Adapting Classic Texts

Sir Thomas Malory’s Le Morte D’Arthur, which charts the life and death of King Arthur, clocks in at over 600 pages. It’s understandable then that it’s taken the English translator and adapter of classic plays, Mike Poulton, nearly ten years to adapt the text for the Royal Shakespeare Company’s recent production of the same name. Mike will be in conversation with Terry Hands, Director of Clwyd Theatre Company, about how he condensed Malory’s compilation of stories into a three and half hour stage production that includes such well known myths as Excalibur and the sword in the stone, the love triangle of Arthur, Guinevere and Sir Lancelot, the Knights of the Round Table, and the search for the Holy Grail.

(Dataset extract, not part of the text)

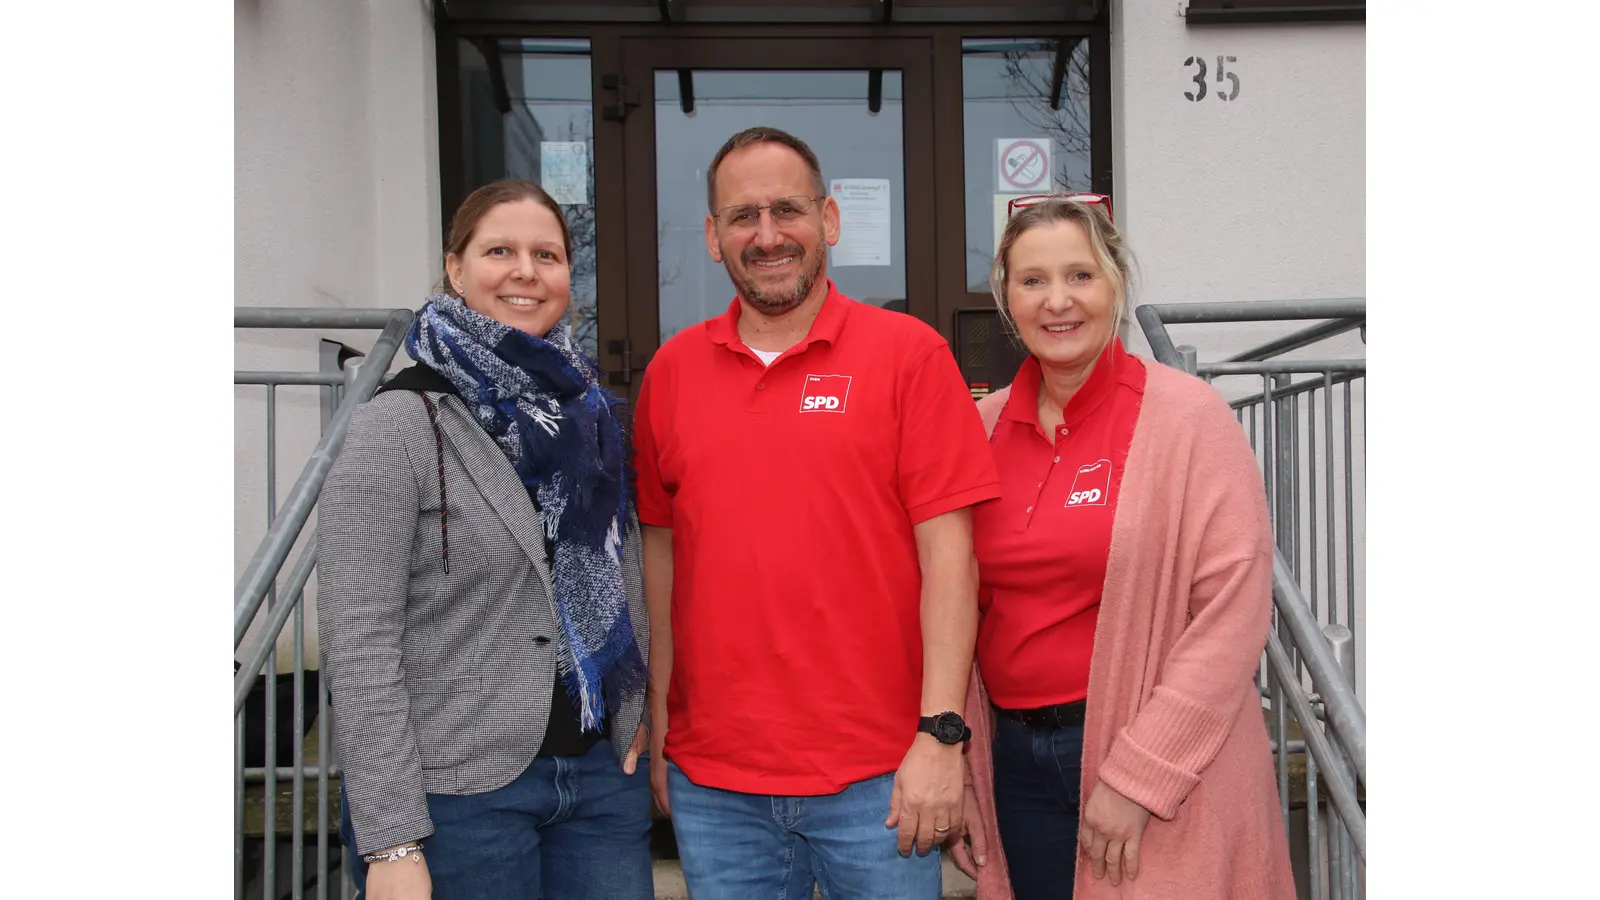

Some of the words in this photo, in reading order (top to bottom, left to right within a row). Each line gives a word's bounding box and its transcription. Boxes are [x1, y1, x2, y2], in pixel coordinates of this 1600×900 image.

[1184, 55, 1240, 102] 35
[803, 396, 839, 410] SPD
[1068, 488, 1101, 504] SPD

Mike Poulton is an English translator and adapter of classic plays for contemporary audiences.He began his career in 1995 with Anton Chekhov’s Uncle Vanya and Ivan Turgenev’s Fortune’s Fool, which were staged at the Chichester Festival Theatre, the former with Derek Jacobi, the latter with Alan Bates. Bates reprised his role for a 2002 Broadway production that earned Poulton a Tony Award nomination for Best Play.

Poulton’s subsequent works include Chekov’s Three SistersThe Cherry Orchard and The Seagull, Euripides’ Ion, Henrik Ibsen’s Hedda Gabler and Ghosts, August Strindberg’s The Father and Dance of Death. His adaptation of Friedrich von Schiller’s Don Carlos was performed at the Chichester and in the West End with Derek Jacobi. Mary Stuart was performed at Clwyd Theatr Cymru and Wallenstein at Chichester. Other adaptations include Chaucer’s Canterbury Tales for the Royal Shakespeare Company which was presented at the Gielgud Theatre from July to September 2006 and two plays based on Thomas Malory’s Le Morte d’Arthur.

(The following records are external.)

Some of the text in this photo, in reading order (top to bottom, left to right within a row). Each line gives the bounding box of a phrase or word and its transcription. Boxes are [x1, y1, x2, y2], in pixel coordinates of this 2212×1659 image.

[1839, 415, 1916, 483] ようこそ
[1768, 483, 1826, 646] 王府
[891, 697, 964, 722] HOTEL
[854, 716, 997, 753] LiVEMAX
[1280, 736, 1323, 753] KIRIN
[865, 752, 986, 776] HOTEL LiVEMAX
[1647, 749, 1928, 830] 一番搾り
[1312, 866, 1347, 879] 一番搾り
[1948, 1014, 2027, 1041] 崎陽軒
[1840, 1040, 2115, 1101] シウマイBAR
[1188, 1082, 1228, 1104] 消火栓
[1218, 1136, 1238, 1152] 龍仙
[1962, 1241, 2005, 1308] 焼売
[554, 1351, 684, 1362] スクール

Terry Hands is an award-winning British stage director and producer, who founded the Liverpool Everyman Theatre in 1964. He became joint Artistic Director of the Royal Shakespeare Company in 1978 with Trevor Nunn in 1978, and Chief Executive in 1986. In 1997 he became been director of Clwyd Theatr Cymru.

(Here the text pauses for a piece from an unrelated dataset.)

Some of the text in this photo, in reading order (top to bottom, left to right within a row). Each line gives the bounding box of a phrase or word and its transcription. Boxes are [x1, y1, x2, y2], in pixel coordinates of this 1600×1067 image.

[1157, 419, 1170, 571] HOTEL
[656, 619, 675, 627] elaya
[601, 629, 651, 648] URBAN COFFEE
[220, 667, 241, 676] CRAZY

He has won numerous awards and accolades including the 1983 Laurence Olivier and the London Critics Circle Theatre Awards for Best Director for Cyrano de Bergerac. He was nominated for three Tony Awards in 1985: Best Direction of a Play and Best Lighting Design for Shakespeare’s Much Ado About Nothing, and Best Lighting Design for Cyrano de Bergerac. In 1993, he was awarded both the London Evening Standard and the London Critics Circle Theatre Awards for Best Director for Tamburlaine the Great.